(Text-to-region grounding data)

-=-=-=-=-

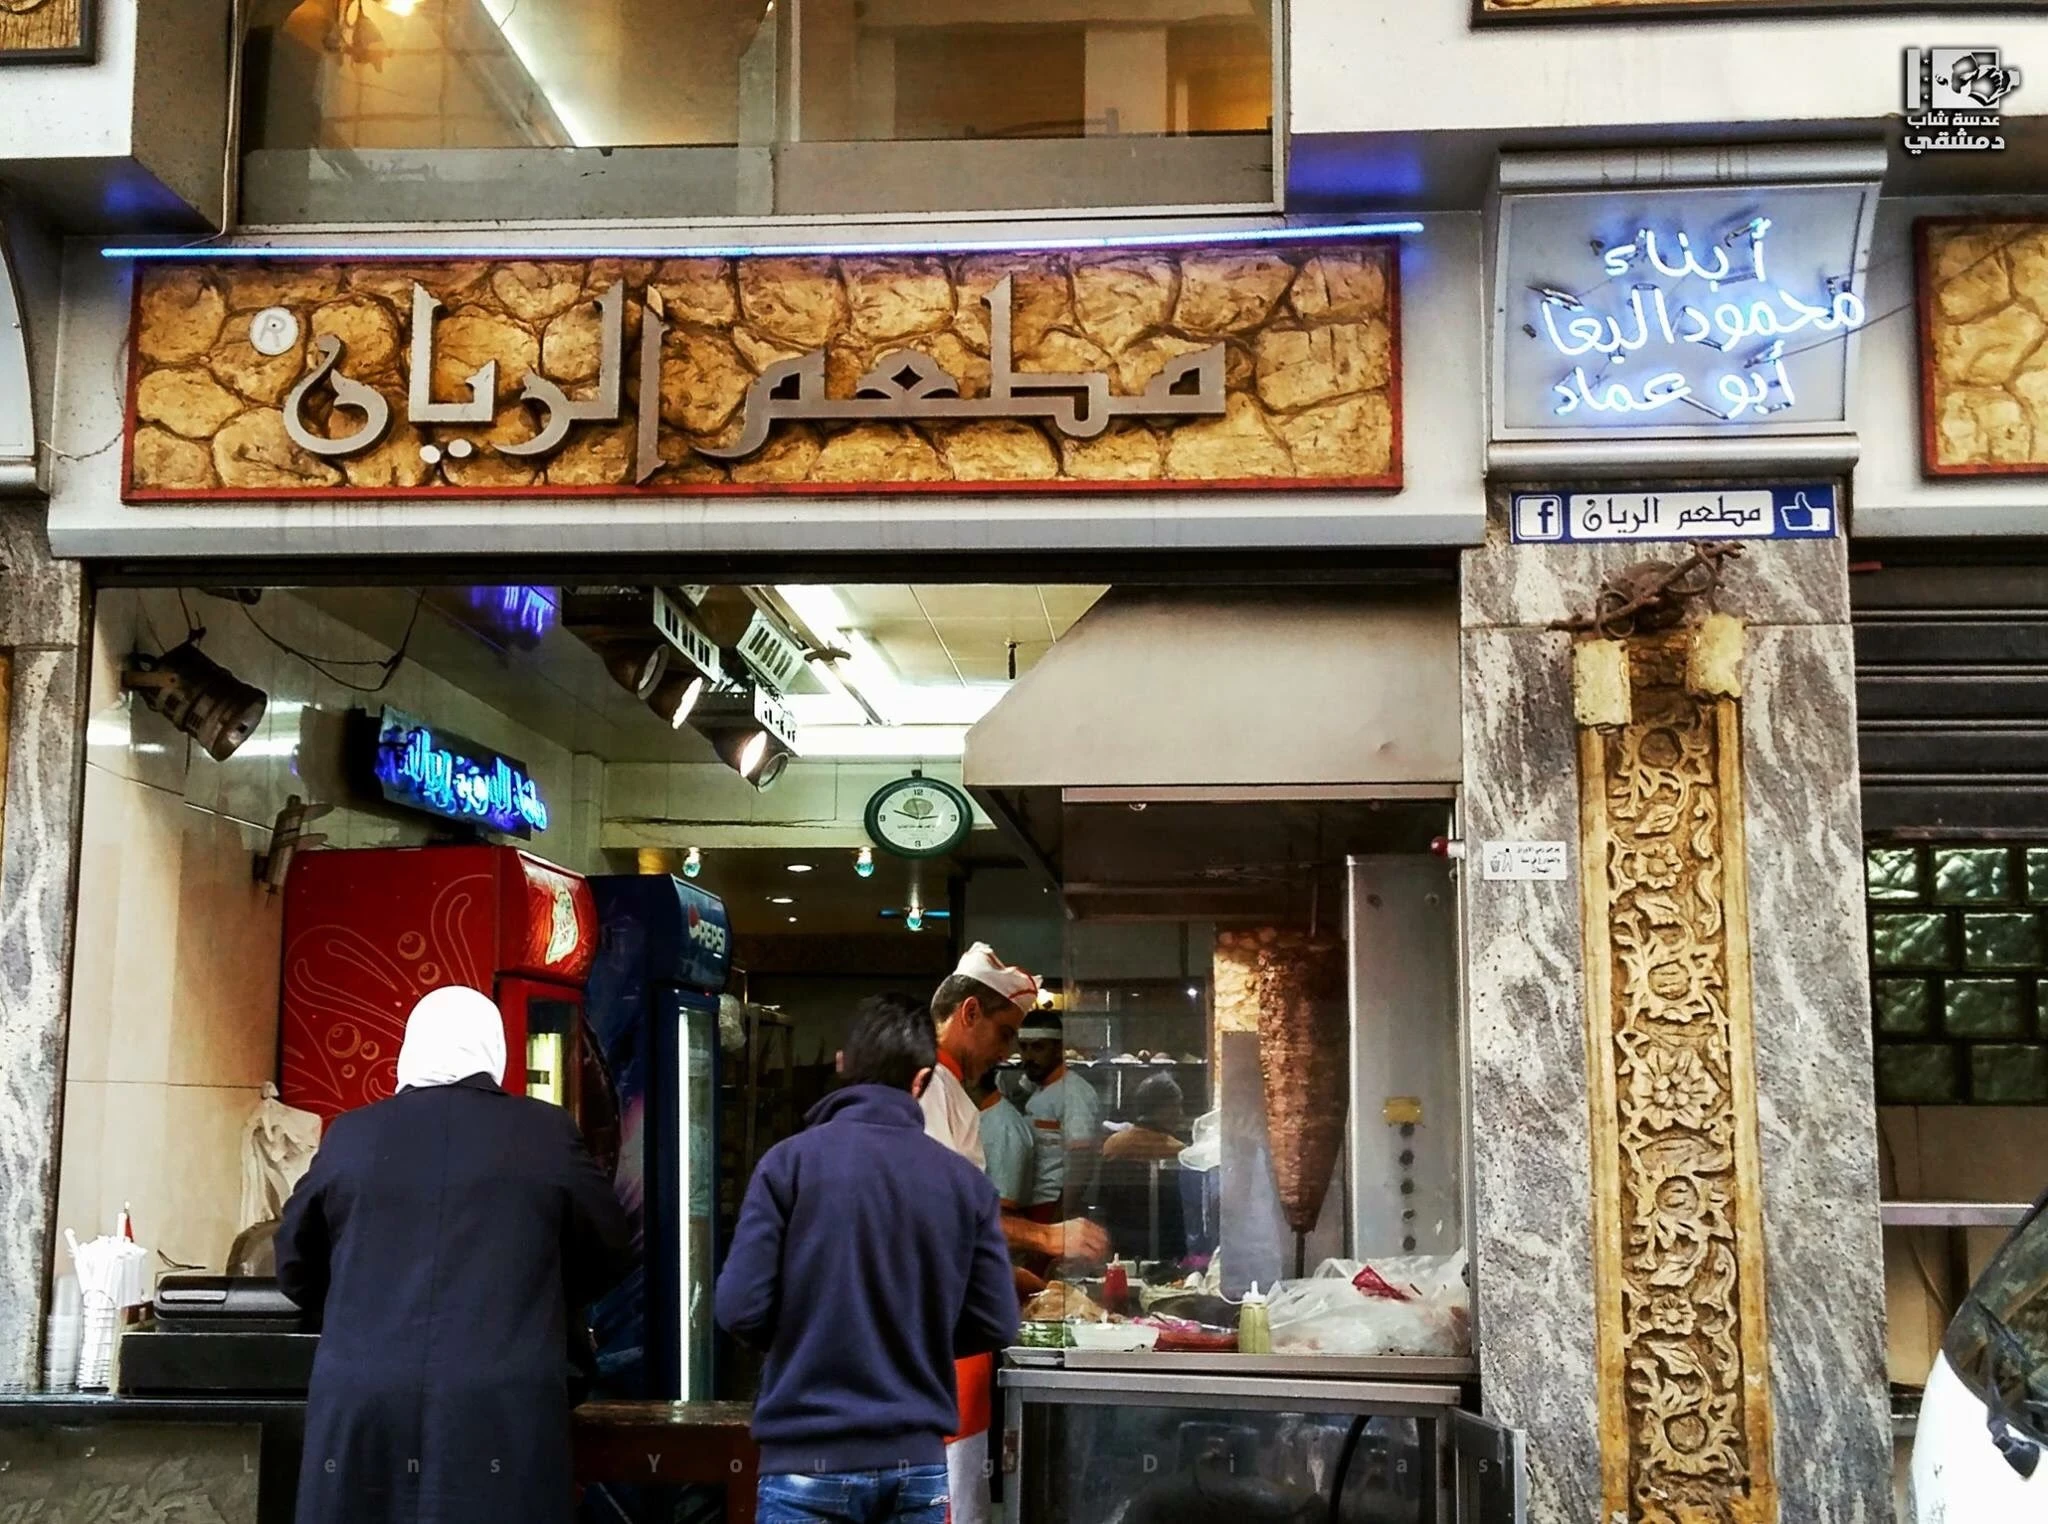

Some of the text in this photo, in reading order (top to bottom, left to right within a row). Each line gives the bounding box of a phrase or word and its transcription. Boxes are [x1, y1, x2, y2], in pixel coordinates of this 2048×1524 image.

[1605, 217, 1772, 292] أبناء
[282, 271, 1227, 487] مطعم الريان
[1554, 340, 1795, 420] أبو عماد
[1582, 495, 1761, 534] مطعم الريان
[698, 919, 726, 955] PEPSI

-=-=-=-=-

* _Exercise objective_: Restate the records above word for word, without the pictures.

* _Result of this exercise_:
Some of the text in this photo, in reading order (top to bottom, left to right within a row). Each line gives the bounding box of a phrase or word and its transcription. Boxes are [x1, y1, x2, y2], in pixel coordinates of this 2048×1524 image.

[1605, 217, 1772, 292] أبناء
[282, 271, 1227, 487] مطعم الريان
[1554, 340, 1795, 420] أبو عماد
[1582, 495, 1761, 534] مطعم الريان
[698, 919, 726, 955] PEPSI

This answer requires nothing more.